Data items:
....................

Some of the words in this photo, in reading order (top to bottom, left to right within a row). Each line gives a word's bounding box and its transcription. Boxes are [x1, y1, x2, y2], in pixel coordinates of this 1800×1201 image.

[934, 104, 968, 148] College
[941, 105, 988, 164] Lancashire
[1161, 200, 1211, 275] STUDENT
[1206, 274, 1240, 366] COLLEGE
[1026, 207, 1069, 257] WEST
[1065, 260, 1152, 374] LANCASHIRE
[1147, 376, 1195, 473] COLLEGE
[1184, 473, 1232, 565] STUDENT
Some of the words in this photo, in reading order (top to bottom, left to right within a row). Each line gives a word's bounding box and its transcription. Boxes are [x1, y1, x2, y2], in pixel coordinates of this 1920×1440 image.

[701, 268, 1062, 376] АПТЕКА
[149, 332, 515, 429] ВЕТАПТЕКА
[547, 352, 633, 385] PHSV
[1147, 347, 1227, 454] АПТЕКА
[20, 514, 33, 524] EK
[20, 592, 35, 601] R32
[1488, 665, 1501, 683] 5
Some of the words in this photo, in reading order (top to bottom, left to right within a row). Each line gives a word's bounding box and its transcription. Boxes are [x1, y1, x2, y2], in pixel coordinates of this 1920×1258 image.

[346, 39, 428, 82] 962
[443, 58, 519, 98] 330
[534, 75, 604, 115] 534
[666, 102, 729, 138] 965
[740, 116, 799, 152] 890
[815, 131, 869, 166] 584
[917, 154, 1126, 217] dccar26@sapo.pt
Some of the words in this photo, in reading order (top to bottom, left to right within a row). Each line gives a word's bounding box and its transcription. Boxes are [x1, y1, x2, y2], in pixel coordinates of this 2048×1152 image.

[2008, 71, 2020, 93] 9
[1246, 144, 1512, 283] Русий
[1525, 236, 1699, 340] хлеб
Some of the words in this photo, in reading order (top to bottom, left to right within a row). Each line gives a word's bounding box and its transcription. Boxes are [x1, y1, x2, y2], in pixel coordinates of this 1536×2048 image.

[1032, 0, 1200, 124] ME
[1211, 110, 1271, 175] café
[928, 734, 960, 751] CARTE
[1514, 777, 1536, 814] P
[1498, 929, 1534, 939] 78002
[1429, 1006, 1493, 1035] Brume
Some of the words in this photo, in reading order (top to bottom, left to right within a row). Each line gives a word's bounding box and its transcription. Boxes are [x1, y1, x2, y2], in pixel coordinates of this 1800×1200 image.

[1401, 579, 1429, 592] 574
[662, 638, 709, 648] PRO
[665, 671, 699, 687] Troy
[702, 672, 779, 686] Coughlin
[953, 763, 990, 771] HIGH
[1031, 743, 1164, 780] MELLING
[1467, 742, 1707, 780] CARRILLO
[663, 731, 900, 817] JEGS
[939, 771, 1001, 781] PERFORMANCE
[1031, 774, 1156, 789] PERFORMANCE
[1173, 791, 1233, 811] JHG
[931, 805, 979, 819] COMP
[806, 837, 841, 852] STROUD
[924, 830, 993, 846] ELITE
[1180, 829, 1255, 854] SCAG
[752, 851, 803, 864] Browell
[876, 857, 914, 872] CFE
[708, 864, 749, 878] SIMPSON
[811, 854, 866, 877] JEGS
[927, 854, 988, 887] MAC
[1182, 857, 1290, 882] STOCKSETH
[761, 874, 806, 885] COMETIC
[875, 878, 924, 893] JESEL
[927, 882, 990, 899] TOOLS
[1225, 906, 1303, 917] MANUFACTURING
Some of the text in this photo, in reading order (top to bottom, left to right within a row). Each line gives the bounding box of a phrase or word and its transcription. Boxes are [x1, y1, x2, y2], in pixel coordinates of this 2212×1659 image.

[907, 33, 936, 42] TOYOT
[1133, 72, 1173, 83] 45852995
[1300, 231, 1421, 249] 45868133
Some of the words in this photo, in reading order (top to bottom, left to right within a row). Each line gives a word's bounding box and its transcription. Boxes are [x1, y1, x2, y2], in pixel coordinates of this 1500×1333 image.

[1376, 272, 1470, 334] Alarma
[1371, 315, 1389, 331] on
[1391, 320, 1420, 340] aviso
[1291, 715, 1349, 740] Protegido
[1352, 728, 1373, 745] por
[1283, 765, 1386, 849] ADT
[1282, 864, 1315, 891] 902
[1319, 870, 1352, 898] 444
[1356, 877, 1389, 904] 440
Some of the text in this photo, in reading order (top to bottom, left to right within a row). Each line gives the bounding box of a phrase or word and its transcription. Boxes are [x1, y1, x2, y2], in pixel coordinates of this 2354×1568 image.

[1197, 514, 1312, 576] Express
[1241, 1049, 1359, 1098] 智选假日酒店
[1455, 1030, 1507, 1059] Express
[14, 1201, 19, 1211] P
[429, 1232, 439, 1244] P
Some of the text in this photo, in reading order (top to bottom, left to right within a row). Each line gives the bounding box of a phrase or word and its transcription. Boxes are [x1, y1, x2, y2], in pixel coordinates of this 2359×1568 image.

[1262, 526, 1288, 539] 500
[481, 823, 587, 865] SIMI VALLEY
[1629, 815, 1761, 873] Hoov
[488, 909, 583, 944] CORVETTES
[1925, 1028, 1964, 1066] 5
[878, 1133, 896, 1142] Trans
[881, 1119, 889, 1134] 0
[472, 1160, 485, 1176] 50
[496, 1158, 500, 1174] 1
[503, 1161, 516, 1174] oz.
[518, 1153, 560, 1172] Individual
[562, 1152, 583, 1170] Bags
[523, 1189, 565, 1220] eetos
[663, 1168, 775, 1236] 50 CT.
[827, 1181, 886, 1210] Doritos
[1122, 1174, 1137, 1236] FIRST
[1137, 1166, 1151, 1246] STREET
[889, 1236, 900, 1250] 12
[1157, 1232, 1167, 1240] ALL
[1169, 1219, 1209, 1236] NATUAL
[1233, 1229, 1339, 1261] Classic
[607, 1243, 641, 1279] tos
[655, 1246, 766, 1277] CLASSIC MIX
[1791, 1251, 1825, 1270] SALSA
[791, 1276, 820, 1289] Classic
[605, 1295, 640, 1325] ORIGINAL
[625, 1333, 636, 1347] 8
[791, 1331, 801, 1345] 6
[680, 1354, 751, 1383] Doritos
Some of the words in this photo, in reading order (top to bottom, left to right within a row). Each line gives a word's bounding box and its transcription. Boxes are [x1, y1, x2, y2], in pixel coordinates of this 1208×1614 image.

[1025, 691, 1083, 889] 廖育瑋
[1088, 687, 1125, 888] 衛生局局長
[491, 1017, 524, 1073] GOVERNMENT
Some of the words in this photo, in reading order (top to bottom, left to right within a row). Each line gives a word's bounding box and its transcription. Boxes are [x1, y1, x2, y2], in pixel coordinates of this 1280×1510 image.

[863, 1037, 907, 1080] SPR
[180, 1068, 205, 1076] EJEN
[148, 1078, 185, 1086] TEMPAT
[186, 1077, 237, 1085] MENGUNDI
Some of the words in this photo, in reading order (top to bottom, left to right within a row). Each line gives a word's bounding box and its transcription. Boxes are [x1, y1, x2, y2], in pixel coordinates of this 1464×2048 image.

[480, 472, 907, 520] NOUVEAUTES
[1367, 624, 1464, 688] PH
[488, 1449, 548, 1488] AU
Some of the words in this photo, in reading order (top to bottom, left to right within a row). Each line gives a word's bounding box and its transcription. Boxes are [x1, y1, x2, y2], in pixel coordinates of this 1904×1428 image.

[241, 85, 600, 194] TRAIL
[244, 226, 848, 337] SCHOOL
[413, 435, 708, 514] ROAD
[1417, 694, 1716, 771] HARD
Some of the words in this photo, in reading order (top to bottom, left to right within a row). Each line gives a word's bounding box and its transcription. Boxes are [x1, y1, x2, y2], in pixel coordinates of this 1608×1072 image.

....................

● **Goal of the exercise**: Print exactly the lines that run from the line containing "this 1208×1614 image." to the end of the data, both ends included.

● **Answer space**:
Some of the words in this photo, in reading order (top to bottom, left to right within a row). Each line gives a word's bounding box and its transcription. Boxes are [x1, y1, x2, y2], in pixel coordinates of this 1208×1614 image.

[1025, 691, 1083, 889] 廖育瑋
[1088, 687, 1125, 888] 衛生局局長
[491, 1017, 524, 1073] GOVERNMENT
Some of the words in this photo, in reading order (top to bottom, left to right within a row). Each line gives a word's bounding box and its transcription. Boxes are [x1, y1, x2, y2], in pixel coordinates of this 1280×1510 image.

[863, 1037, 907, 1080] SPR
[180, 1068, 205, 1076] EJEN
[148, 1078, 185, 1086] TEMPAT
[186, 1077, 237, 1085] MENGUNDI
Some of the words in this photo, in reading order (top to bottom, left to right within a row). Each line gives a word's bounding box and its transcription. Boxes are [x1, y1, x2, y2], in pixel coordinates of this 1464×2048 image.

[480, 472, 907, 520] NOUVEAUTES
[1367, 624, 1464, 688] PH
[488, 1449, 548, 1488] AU
Some of the words in this photo, in reading order (top to bottom, left to right within a row). Each line gives a word's bounding box and its transcription. Boxes are [x1, y1, x2, y2], in pixel coordinates of this 1904×1428 image.

[241, 85, 600, 194] TRAIL
[244, 226, 848, 337] SCHOOL
[413, 435, 708, 514] ROAD
[1417, 694, 1716, 771] HARD
Some of the words in this photo, in reading order (top to bottom, left to right within a row). Each line gives a word's bounding box and its transcription. Boxes are [x1, y1, x2, y2], in pixel coordinates of this 1608×1072 image.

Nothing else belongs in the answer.